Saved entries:
• • • • • • •

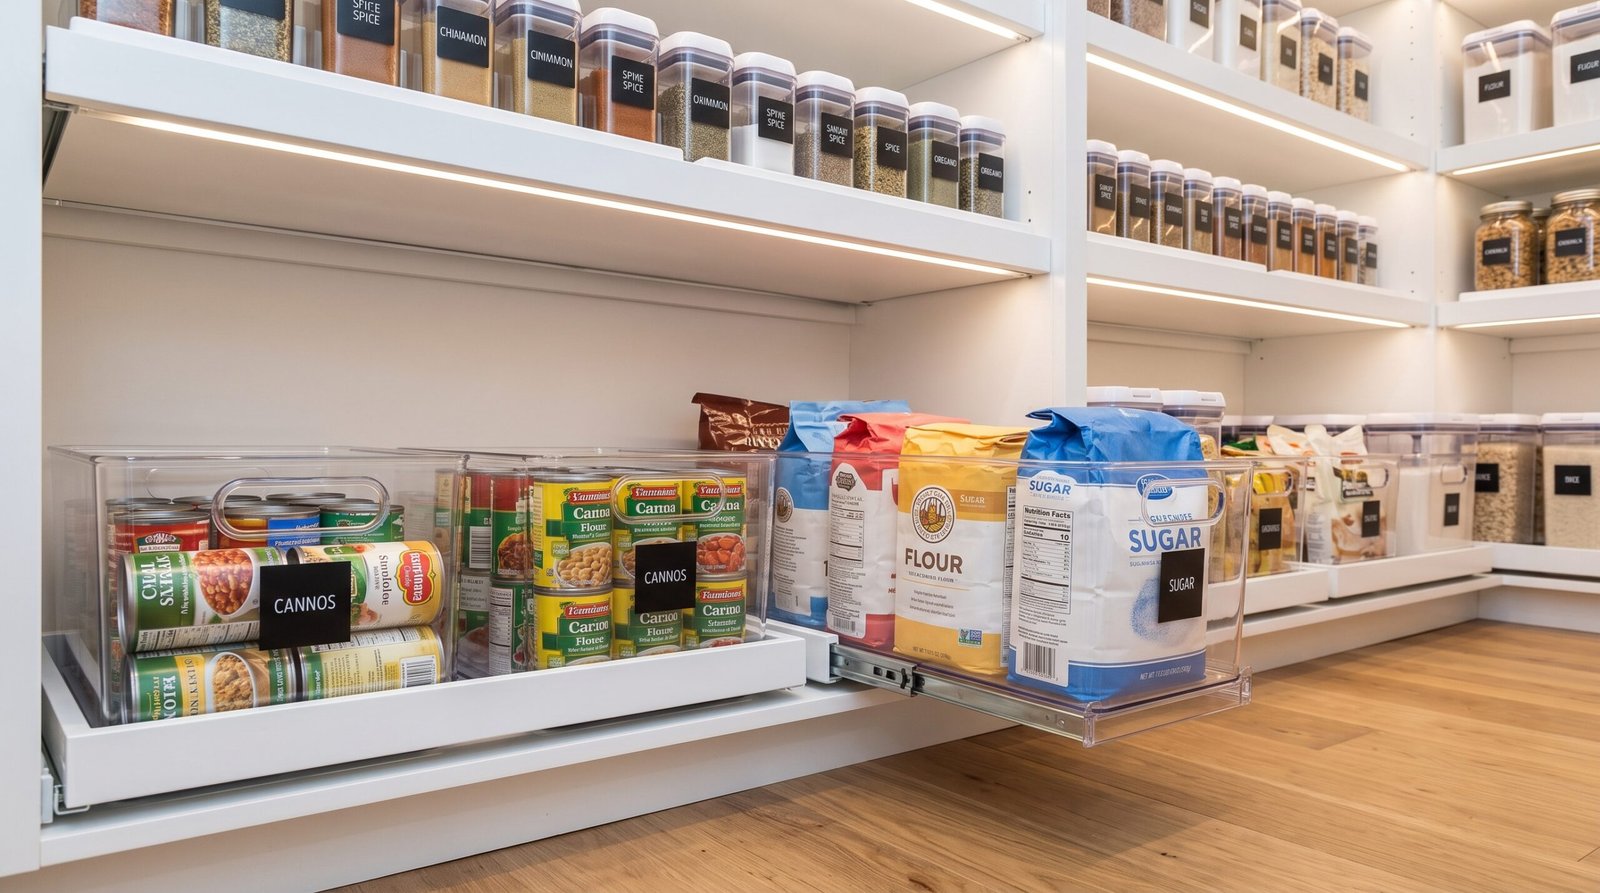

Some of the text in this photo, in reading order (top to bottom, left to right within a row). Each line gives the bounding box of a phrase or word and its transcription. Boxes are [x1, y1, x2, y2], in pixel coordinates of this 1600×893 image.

[353, 10, 380, 26] SPICE
[623, 82, 644, 94] SPICE
[767, 118, 785, 130] SPICE
[829, 134, 845, 145] SPICE
[885, 143, 900, 154] SPICE
[1029, 480, 1071, 495] SUGAR
[1024, 507, 1071, 519] Nutrition Facts
[1128, 527, 1202, 553] SUGAR
[905, 548, 963, 574] FLOUR
[644, 568, 687, 585] CANNOS
[1169, 576, 1195, 593] SUGAR
[274, 594, 336, 614] CANNOS
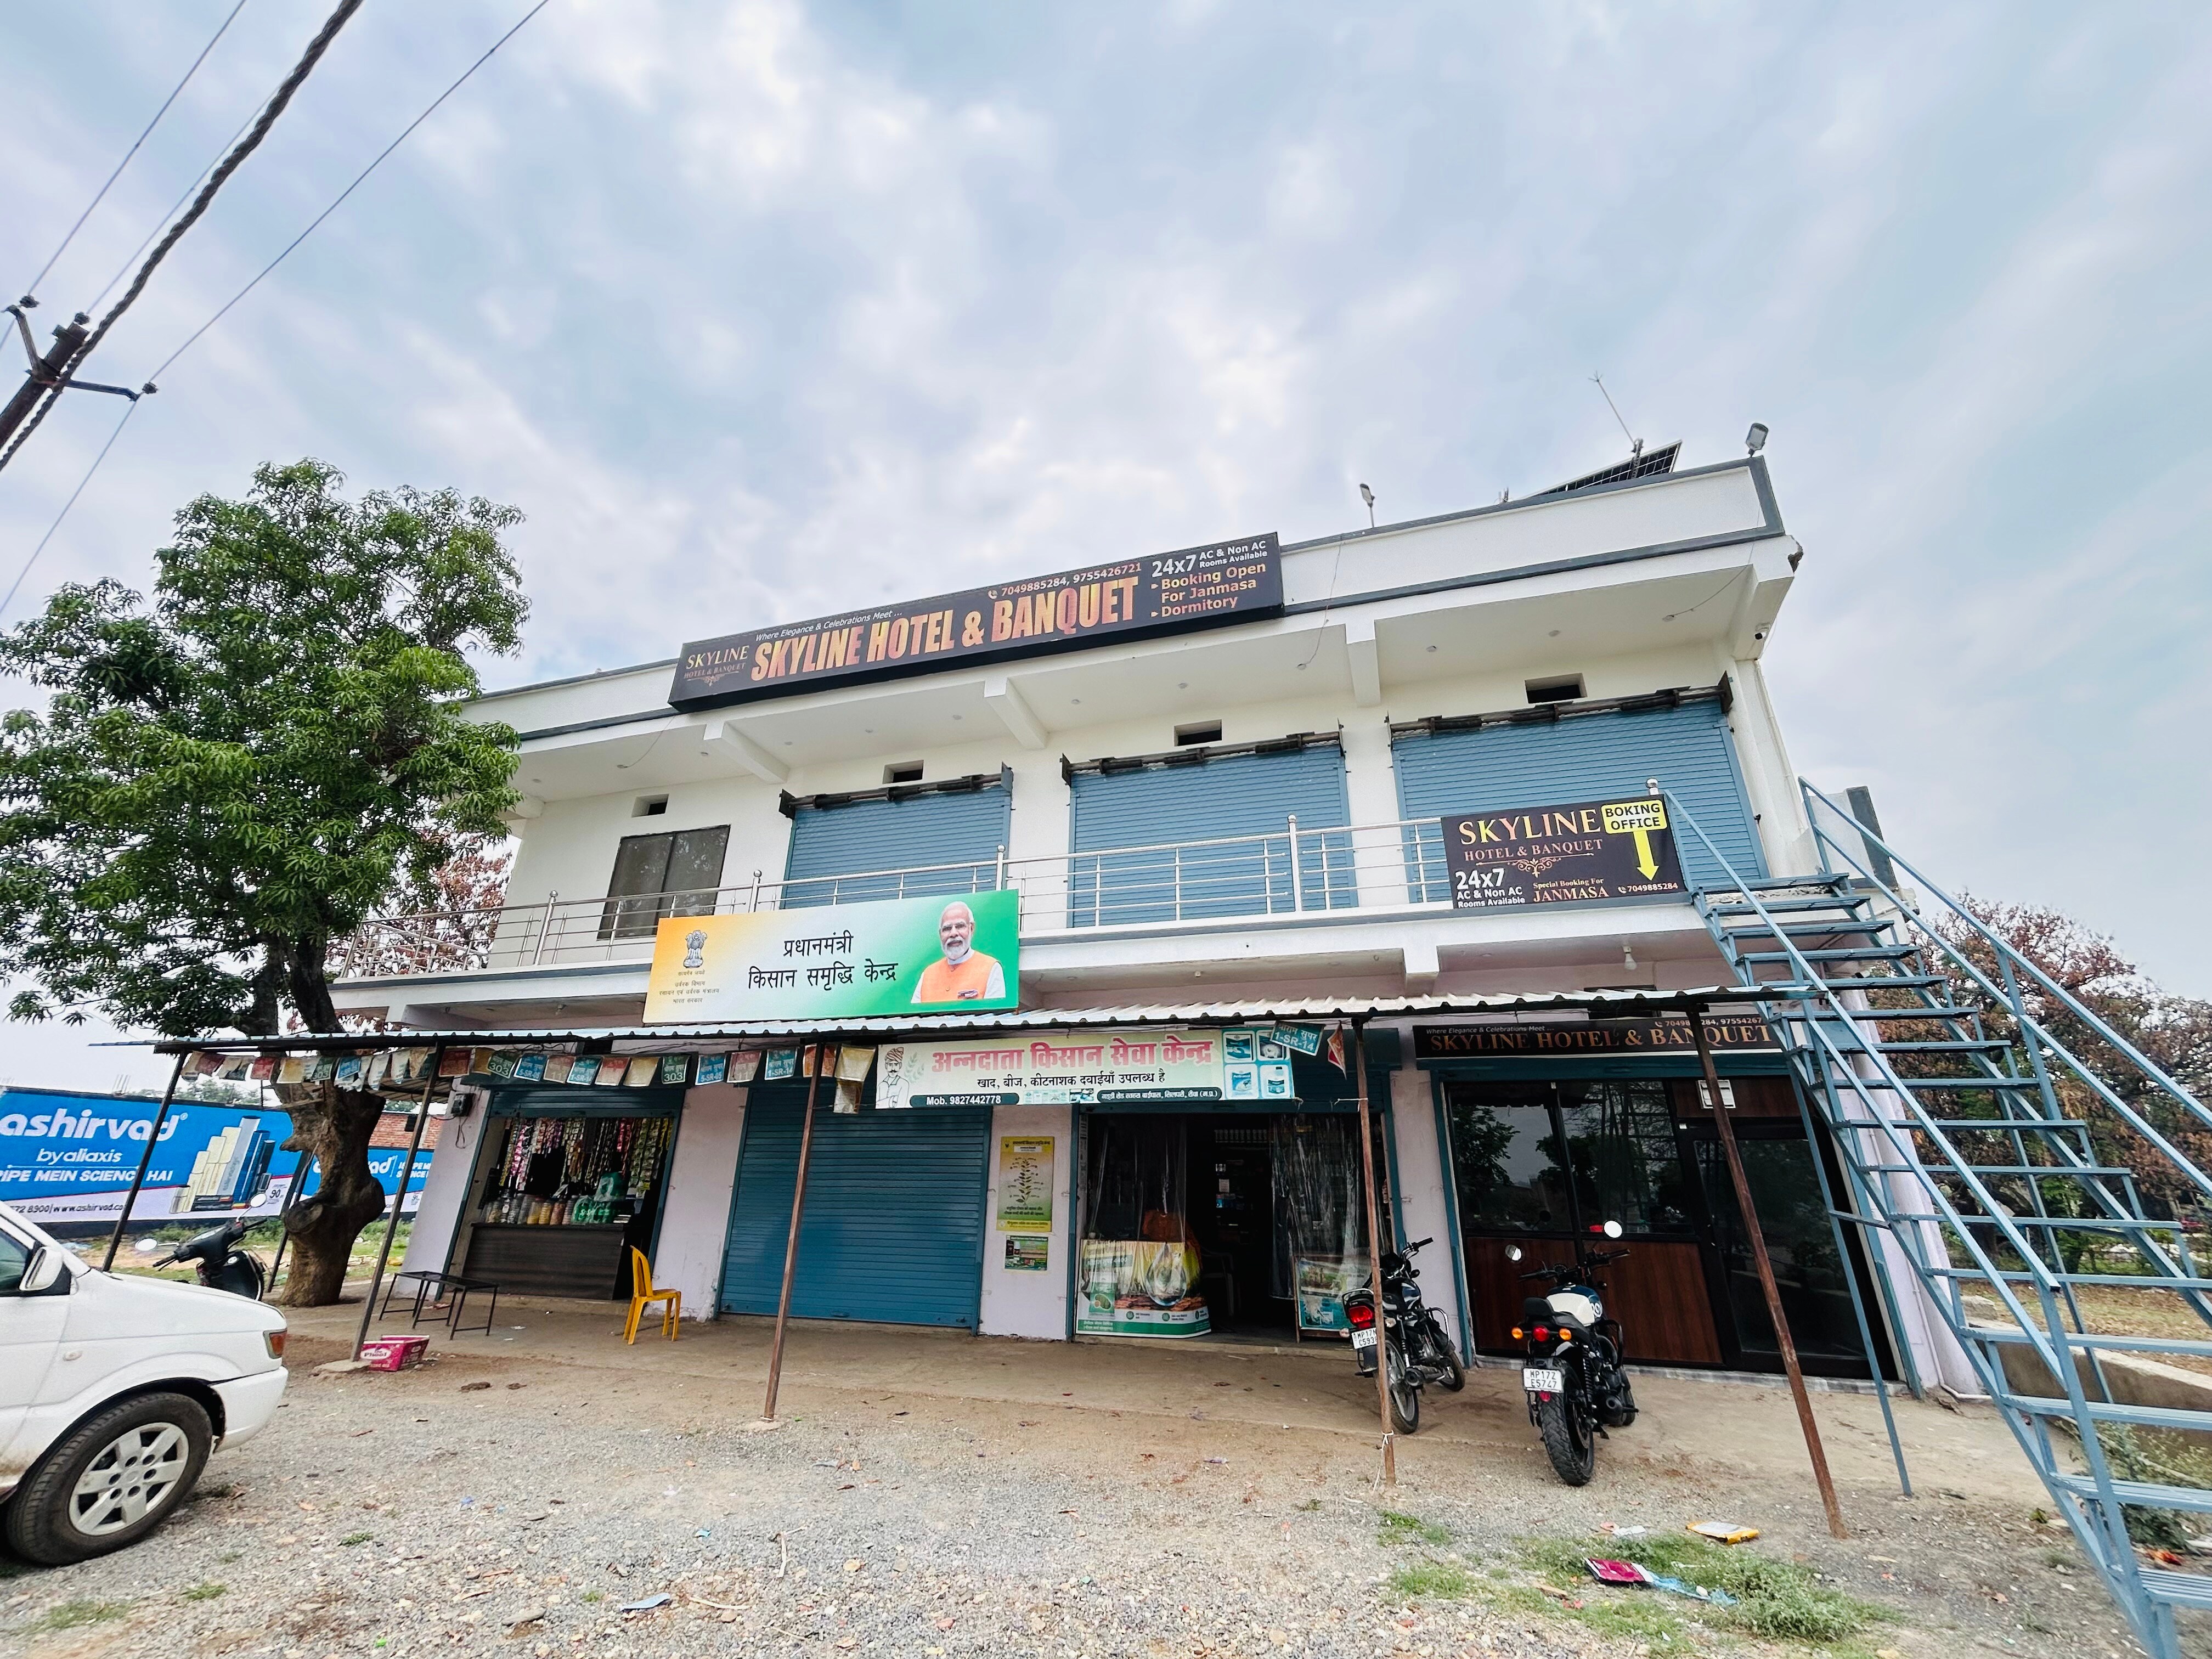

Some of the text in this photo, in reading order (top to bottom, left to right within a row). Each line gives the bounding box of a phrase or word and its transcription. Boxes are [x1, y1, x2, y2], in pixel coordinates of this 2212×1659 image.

[1199, 540, 1266, 560] AC & Non AC
[1199, 550, 1268, 569] Rooms Available
[1152, 554, 1197, 578] 24x7
[1001, 563, 1142, 597] 7049885284, 9755426721
[1161, 563, 1266, 590] Booking Open
[1161, 579, 1257, 603] For Janmasa
[1161, 595, 1238, 618] Dormitory
[751, 576, 1139, 682] SKYLINE HOTEL & BANQUET
[755, 631, 779, 642] Where
[781, 625, 814, 638] Elegance
[823, 614, 871, 629] Celebrations
[872, 610, 893, 622] Meet
[686, 645, 750, 670] SKYLINE
[684, 669, 706, 679] HOTEL
[714, 662, 746, 675] BANQUET
[1605, 803, 1661, 818] BOKING
[1459, 809, 1601, 846] SKYLINE
[1611, 817, 1661, 831] OFFICE
[1464, 838, 1603, 861] HOTEL & BANQUET
[1454, 868, 1505, 890] 24x7
[1533, 877, 1604, 890] Special Booking For
[1627, 882, 1678, 893] 7049885284
[1457, 886, 1523, 900] AC & Non AC
[1458, 895, 1526, 909] Rooms Available
[1533, 887, 1610, 903] JANMASA
[783, 930, 854, 957] प्रधानमंत्री
[748, 958, 899, 991] किसान समृद्धि केन्द्र
[1275, 1031, 1314, 1051] 1-SR-14
[1431, 1024, 1772, 1050] SKYLINE HOTEL & BANQUET
[932, 1035, 1214, 1073] अन्नदाता किसान सेवा केन्द्र
[489, 1062, 509, 1075] 303
[664, 1072, 683, 1081] 303
[768, 1066, 793, 1076] 1-SR-14
[977, 1078, 1000, 1090] खाद,
[1003, 1074, 1027, 1088] बीज,
[1030, 1073, 1076, 1087] कीटनाशक
[1118, 1073, 1155, 1084] उपलब्ध
[1158, 1068, 1166, 1083] है
[926, 1095, 1001, 1105] Mob. 9827442778
[0, 1108, 180, 1141] ashirvad
[63, 1148, 123, 1163] aliaxis
[0, 1170, 173, 1182] IPE MEIN SCIENC HAI
[53, 1204, 126, 1212] www.ashirvad.co
[1531, 1379, 1557, 1389] E5747
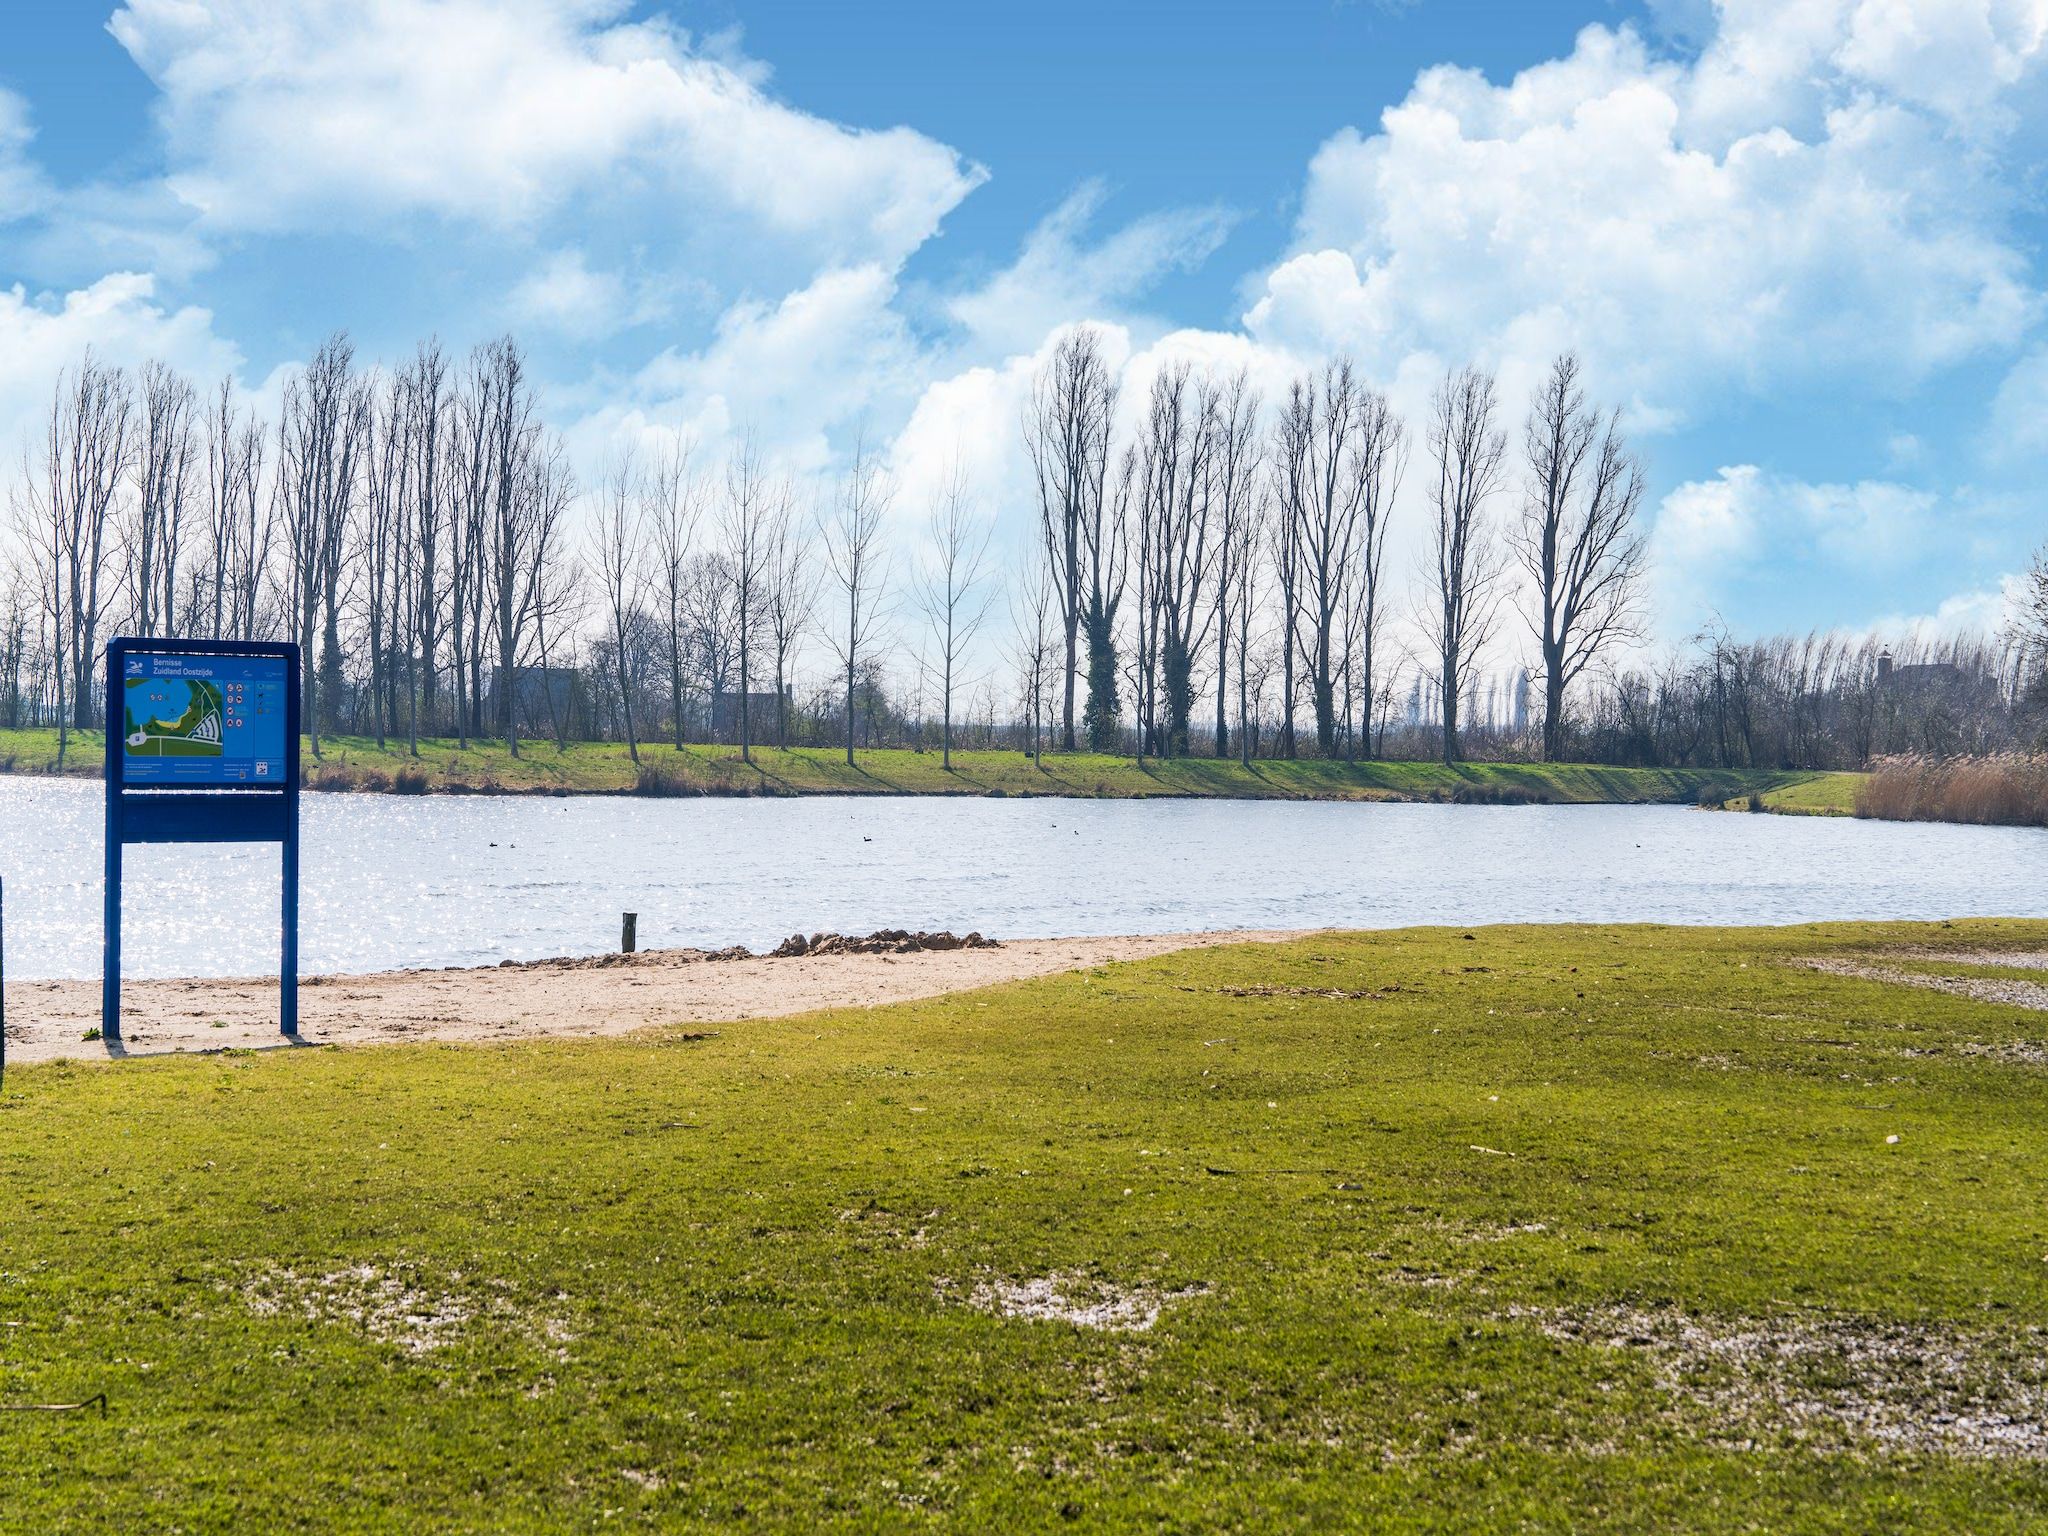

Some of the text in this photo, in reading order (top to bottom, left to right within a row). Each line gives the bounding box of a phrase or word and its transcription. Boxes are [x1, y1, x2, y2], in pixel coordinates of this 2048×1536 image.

[153, 658, 182, 666] Bernisse
[153, 667, 213, 677] Zuidland Oostzijde

• • • • • • •

AIM OF THE EXERCISE:
What you return should be the entries from above, unchanged and without their images.

EXERCISE RESPONSE:
Some of the text in this photo, in reading order (top to bottom, left to right within a row). Each line gives the bounding box of a phrase or word and its transcription. Boxes are [x1, y1, x2, y2], in pixel coordinates of this 1600×893 image.

[353, 10, 380, 26] SPICE
[623, 82, 644, 94] SPICE
[767, 118, 785, 130] SPICE
[829, 134, 845, 145] SPICE
[885, 143, 900, 154] SPICE
[1029, 480, 1071, 495] SUGAR
[1024, 507, 1071, 519] Nutrition Facts
[1128, 527, 1202, 553] SUGAR
[905, 548, 963, 574] FLOUR
[644, 568, 687, 585] CANNOS
[1169, 576, 1195, 593] SUGAR
[274, 594, 336, 614] CANNOS

Some of the text in this photo, in reading order (top to bottom, left to right within a row). Each line gives the bounding box of a phrase or word and its transcription. Boxes are [x1, y1, x2, y2], in pixel coordinates of this 2212×1659 image.

[1199, 540, 1266, 560] AC & Non AC
[1199, 550, 1268, 569] Rooms Available
[1152, 554, 1197, 578] 24x7
[1001, 563, 1142, 597] 7049885284, 9755426721
[1161, 563, 1266, 590] Booking Open
[1161, 579, 1257, 603] For Janmasa
[1161, 595, 1238, 618] Dormitory
[751, 576, 1139, 682] SKYLINE HOTEL & BANQUET
[755, 631, 779, 642] Where
[781, 625, 814, 638] Elegance
[823, 614, 871, 629] Celebrations
[872, 610, 893, 622] Meet
[686, 645, 750, 670] SKYLINE
[684, 669, 706, 679] HOTEL
[714, 662, 746, 675] BANQUET
[1605, 803, 1661, 818] BOKING
[1459, 809, 1601, 846] SKYLINE
[1611, 817, 1661, 831] OFFICE
[1464, 838, 1603, 861] HOTEL & BANQUET
[1454, 868, 1505, 890] 24x7
[1533, 877, 1604, 890] Special Booking For
[1627, 882, 1678, 893] 7049885284
[1457, 886, 1523, 900] AC & Non AC
[1458, 895, 1526, 909] Rooms Available
[1533, 887, 1610, 903] JANMASA
[783, 930, 854, 957] प्रधानमंत्री
[748, 958, 899, 991] किसान समृद्धि केन्द्र
[1275, 1031, 1314, 1051] 1-SR-14
[1431, 1024, 1772, 1050] SKYLINE HOTEL & BANQUET
[932, 1035, 1214, 1073] अन्नदाता किसान सेवा केन्द्र
[489, 1062, 509, 1075] 303
[664, 1072, 683, 1081] 303
[768, 1066, 793, 1076] 1-SR-14
[977, 1078, 1000, 1090] खाद,
[1003, 1074, 1027, 1088] बीज,
[1030, 1073, 1076, 1087] कीटनाशक
[1118, 1073, 1155, 1084] उपलब्ध
[1158, 1068, 1166, 1083] है
[926, 1095, 1001, 1105] Mob. 9827442778
[0, 1108, 180, 1141] ashirvad
[63, 1148, 123, 1163] aliaxis
[0, 1170, 173, 1182] IPE MEIN SCIENC HAI
[53, 1204, 126, 1212] www.ashirvad.co
[1531, 1379, 1557, 1389] E5747

Some of the text in this photo, in reading order (top to bottom, left to right within a row). Each line gives the bounding box of a phrase or word and its transcription. Boxes are [x1, y1, x2, y2], in pixel coordinates of this 2048×1536 image.

[153, 658, 182, 666] Bernisse
[153, 667, 213, 677] Zuidland Oostzijde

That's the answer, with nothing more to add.